Soldati essi di sentinella, seduti, a due a due. Soldati
tutt’attorno al campo, in modo che nessuno potesse uscirne. Lungo
tempo stretti a osservare. Nevicava. Il vento era freddo! Nudo e
pronto per la battaglia, non avevo coperte. Mi distesi a terra e mi
avvicinai strisciando alla linea delle sentinelle.
Era passata la metà della notte quando scivolai fra queste
sentinelle. Ora ero nuovamente nel recinto del campo. Per prima cosa
andai a bere un po’ d’acqua. Non volli cibo.
Sulle rocce, gli indiani stavano scavando buche coi coltelli.
Alcuni di loro avevano di quei coltelli a larga lama (baionetta)
catturati ai soldati al Grande Buco. Giù, al campo principale, le
donne stavano scavando trincee coi “rampini da Camas” (uno
strumento usato per scavare i tubi delle camas). Tutto questo in vista
della giornata seguente.
Trincee per i vecchi, le donne, i bambini.
Buche per i guerrieri, i combattenti.
Avete visto qualche volta la grandine abbattere l’erba: così
furono abbattuti gli indiani dalla grandine delle palle. La maggior
parte dei pochi guerrieri sopravvissuti allo scontro di Grande Buco,
erano stati spazzati via come le foglie dalla tempesta. Capo Ollokot,
Uccello Solitario ed Alce Magra erano morti.
Fuori del campo avevo visto uomini uccisi. Soldati dieci,
indiani dieci. Questo non era tanto male. Ma adesso, quando vidi
cadere i nostri ultimi guerrieri, il mio cuore si strinse, divenne
pesante. Pure i guerrieri e i non combattenti uccisi non erano ancora
tutto. Guardai in giro.
Alcuni seppellivano i loro morti.
Un giovane guerriero ferito giaceva su una pelle di bufalo e
moriva senza un lamento. Bambini piangevano per il freddo. Niente
fuoco. Non poteva esserci nessuna luce. Dappertutto il pianto.
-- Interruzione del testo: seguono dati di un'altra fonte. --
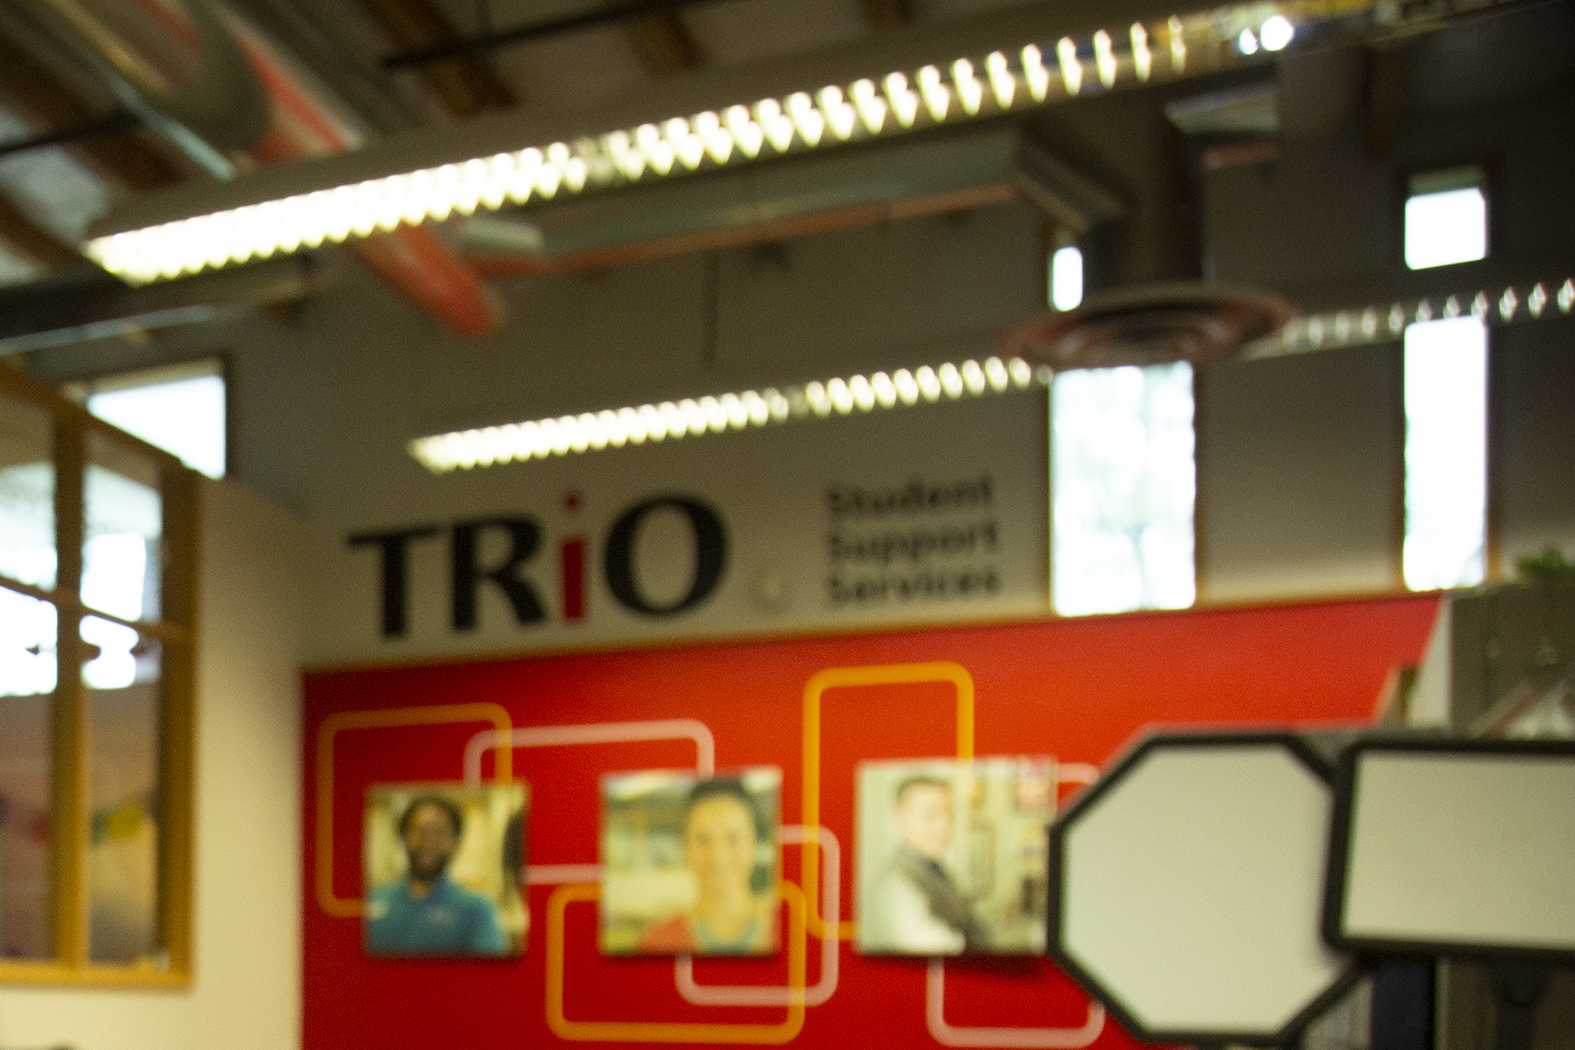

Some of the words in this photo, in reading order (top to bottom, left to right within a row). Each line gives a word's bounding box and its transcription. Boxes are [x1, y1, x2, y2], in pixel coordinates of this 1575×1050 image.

Il
lamento funebre.
Il mio cuore divenne fuoco. Mi unii ai guerrieri che scavavano
buche. Tutta la notte lavorammo. Poco prima dell’alba, andai giù
tra le trincee. Guardai attorno. Bambini non più piangenti. Nelle
profonde trincee dormivano. Avvolta in una coperta, una forma immobile
giaceva sulla pelle di bufalo. Il giovane guerriero era morto. Tornai
alla mia buca, il sangue caldo di guerra! Non sentivo il freddo.
Venne il mattino e il combattimento fu ripreso. Palle da ogni
parte! Un grande fucile lanciava proiettili esplosivi. Dalle buche, i
guerrieri rispondevano colpo su colpo. Selvaggio e violento, il freddo
vento era spesso di neve. L’aria si riempì di polvere. Lampi di
fucili dappertutto. Il sole nascosto salì in alto, ma la guerra non
diminuì.
Sentivo prossima la fine. Tutto quello per cui avevamo
sofferto, perduto!
Vennero ricordi della terra del Wallowa, dov’ero cresciuto.
Del mio paese, quando c’erano solo gli indiani. Dei teppe, lungo il
fiume sinuoso. Del lago azzurro e chiaro, delle vaste praterie con le
mandrie di cavalli e buoi. Dalle foreste sui monti, sembrava che voci
chiamassero. Mi pareva di sognare, di non essere più io.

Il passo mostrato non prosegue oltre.